Moving the field forward, we achieved consensus to assess multidimensional outcome instruments for core domains of pain, function/functional ability, and use sub-scales of such instruments as measures of the core domains, to ultimately validate and endorse a TJR trial core measurement set. The group endorsed readiness to proceed with instruments for both the eyeball test and the deep dive.

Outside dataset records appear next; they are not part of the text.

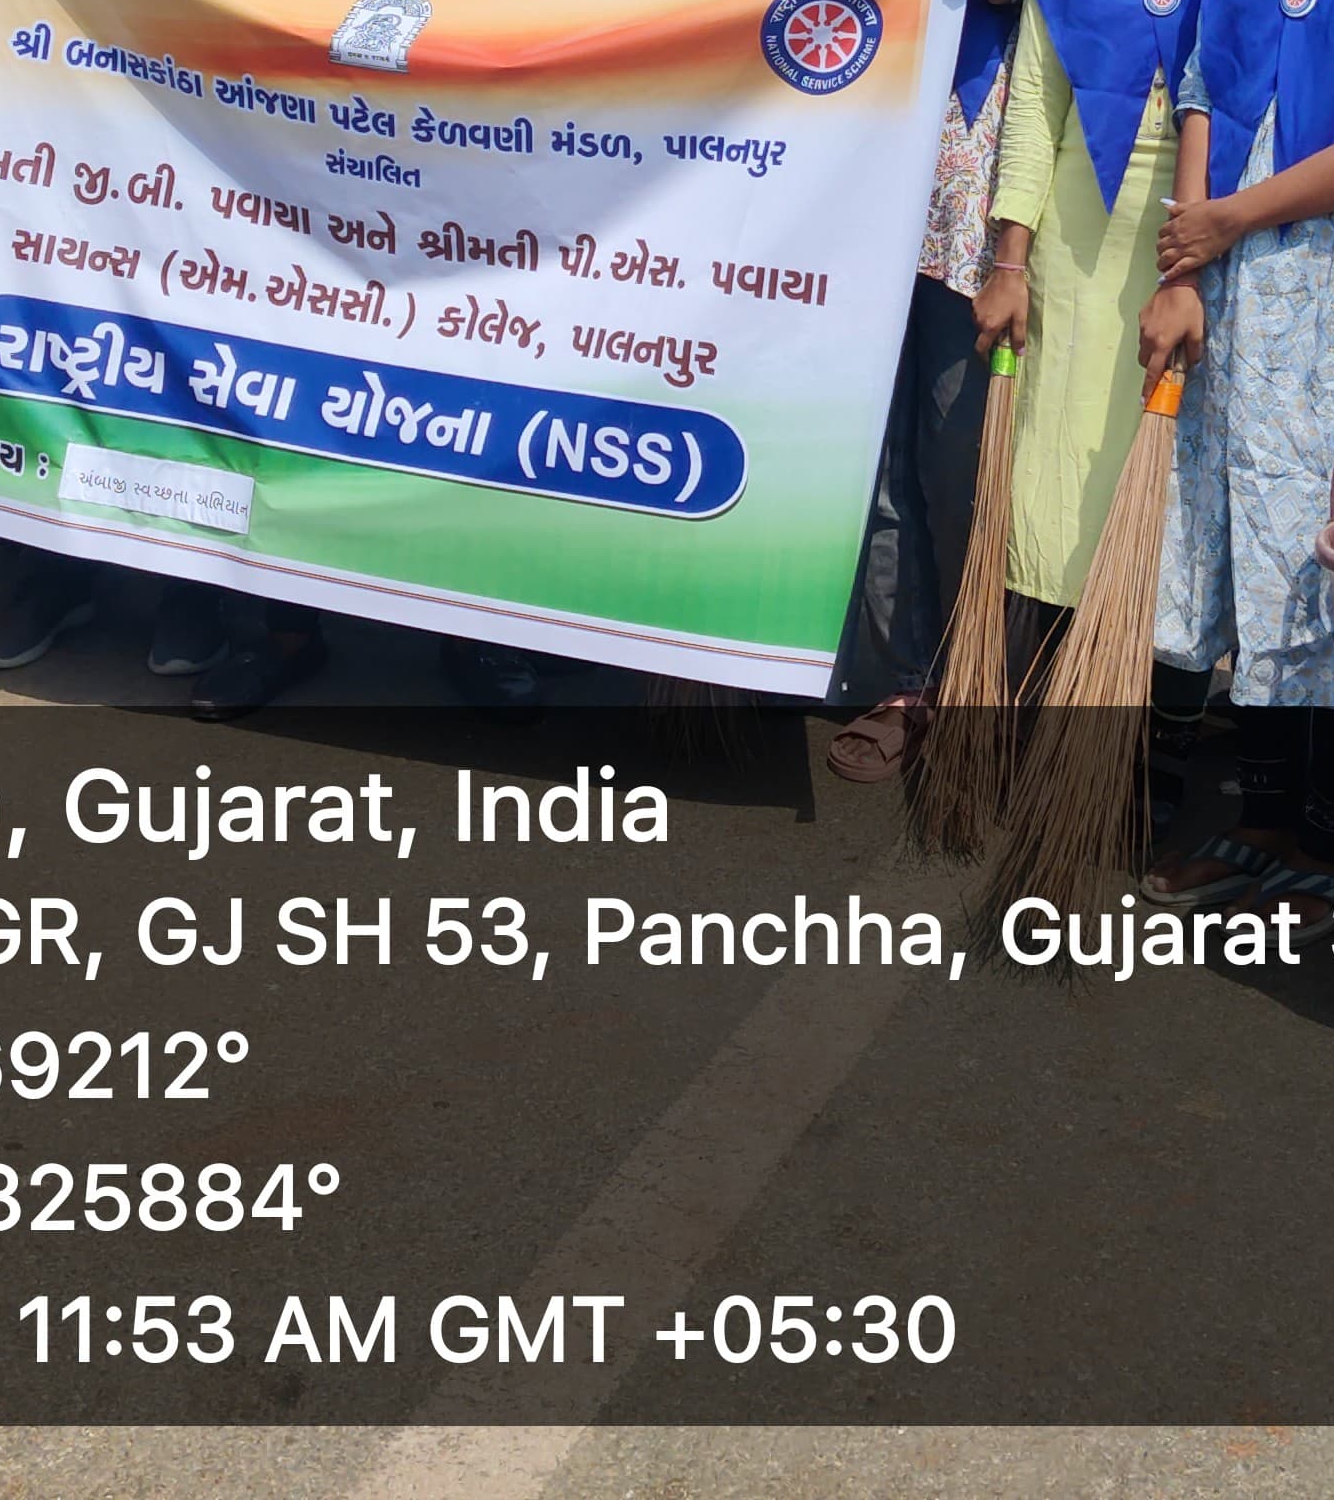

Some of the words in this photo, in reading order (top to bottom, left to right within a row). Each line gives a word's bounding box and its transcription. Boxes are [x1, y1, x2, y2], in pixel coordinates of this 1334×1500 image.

[11, 22, 52, 61] શ્રી
[66, 39, 204, 99] બનાસકાંઠા
[215, 77, 316, 124] આંજણા
[328, 97, 396, 138] પટેલ
[411, 106, 534, 153] કેળવણી
[550, 122, 643, 166] મંડળ,
[663, 133, 787, 178] પાલનપુર
[766, 35, 799, 82] NATIONAL
[801, 75, 843, 90] SERVICE
[845, 36, 877, 79] SCHEME
[73, 161, 184, 211] જી.બી.
[210, 185, 312, 235] પવાયા
[327, 210, 397, 255] અને
[417, 221, 539, 273] શ્રીમતી
[559, 233, 685, 291] પી.એસ.
[711, 259, 828, 307] પવાયા
[325, 147, 421, 188] સંચાલિત
[11, 228, 141, 280] સાયન્સ
[160, 247, 418, 340] (એમ.એસસી.)
[436, 294, 547, 360] કોલેજ,
[571, 323, 719, 389] પાલનપુર
[188, 342, 298, 421] સેવા
[320, 370, 493, 456] યોજના
[517, 409, 703, 504] (NSS)
[195, 491, 250, 518] અભિયાન
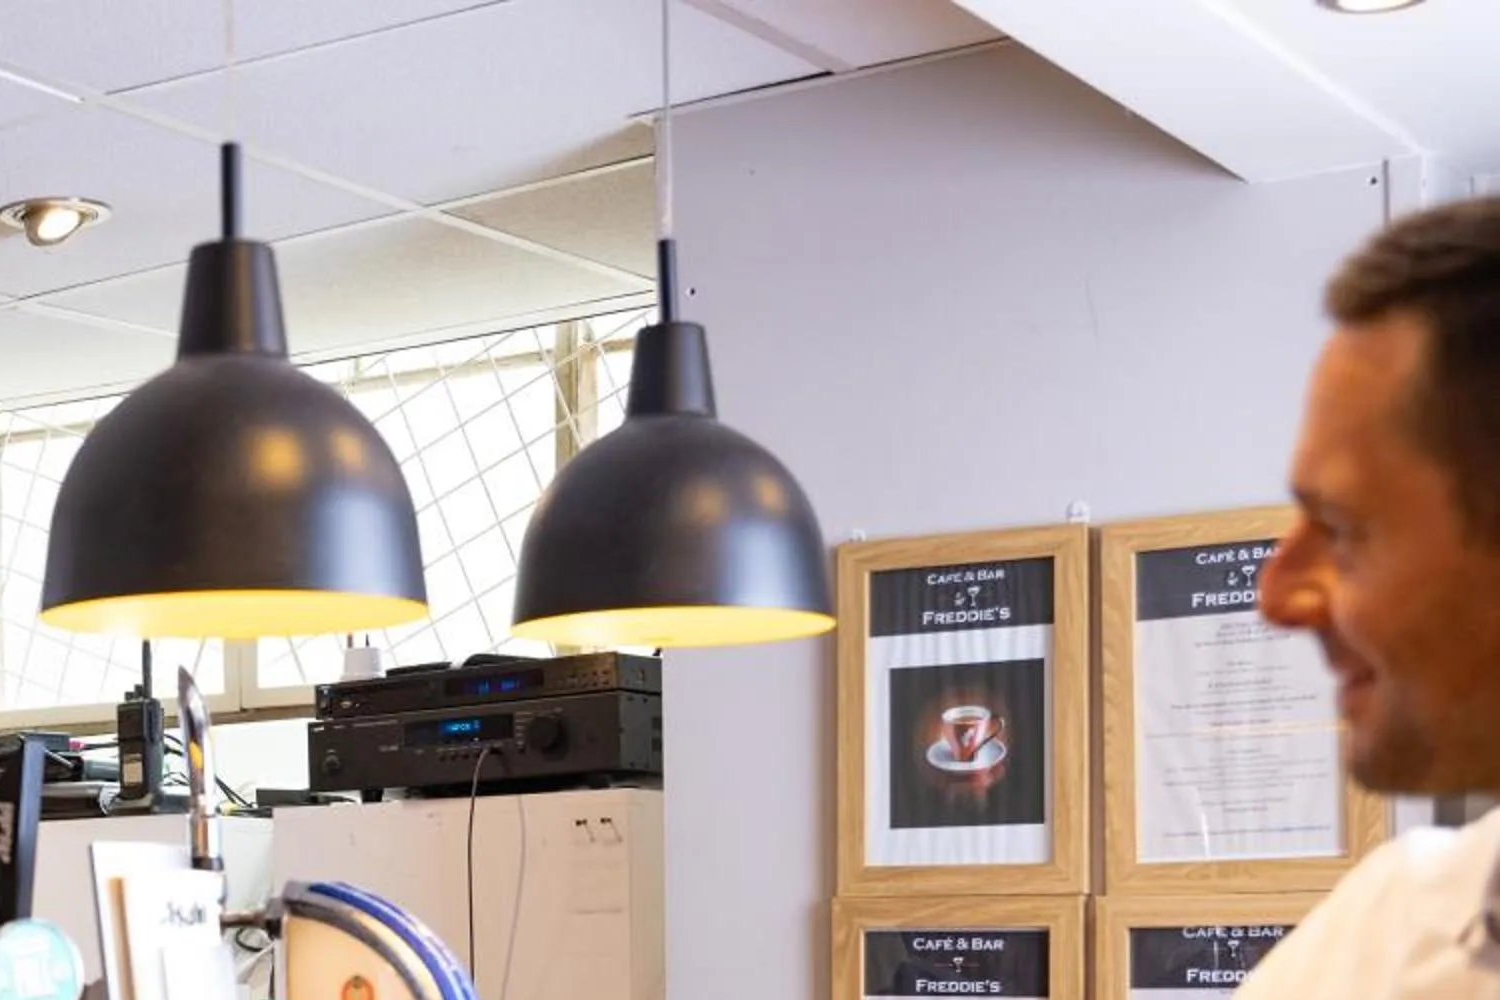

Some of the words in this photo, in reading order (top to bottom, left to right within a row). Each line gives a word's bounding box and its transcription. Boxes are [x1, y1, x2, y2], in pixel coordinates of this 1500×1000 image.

[1237, 549, 1249, 561] &
[963, 571, 975, 582] &
[977, 568, 1005, 581] BAR
[922, 606, 1011, 625] FREDDIE'S
[1231, 927, 1243, 937] &
[1248, 926, 1283, 937] BAR
[955, 938, 969, 950] &
[972, 937, 1004, 950] BAR
[915, 979, 1000, 993] FREDDIE'S

Three parallel consensus activities are under way with orthopedists and 2 groups of patients for further buy-in and endorsement of this core domain set for hip/knee TJR trials. This final core domain set for hip/knee TJR trials will be shared with the membership of the AAHKS and OMERACT for final endorsement and possible co-branding as the OMERACT-AAHKS TJR core domain set for TJR trials. Once a core domain set is more broadly endorsed, we will identify candidate measures for knee/hip TJR clinical trials, and develop the TJR core measurement set.
Acknowledgment
We thank all WG participants who attended and provided feedback at the OMERACT TJR WG. WG co-chairs are Peter F. Choong (Australia), Jasvinder A. Singh (USA), and Michael Dohm (USA). The OMERACT Executive Liaison is Laure Gossec (Europe). Patient representatives are Amye L. Leong (USA) and Marieke Scholte (Europe).
Footnotes
As part of the supplement series OMERACT 13, this report was reviewed internally and approved by the Guest Editors for integrity, accuracy, and consistency with scientific and ethical standards.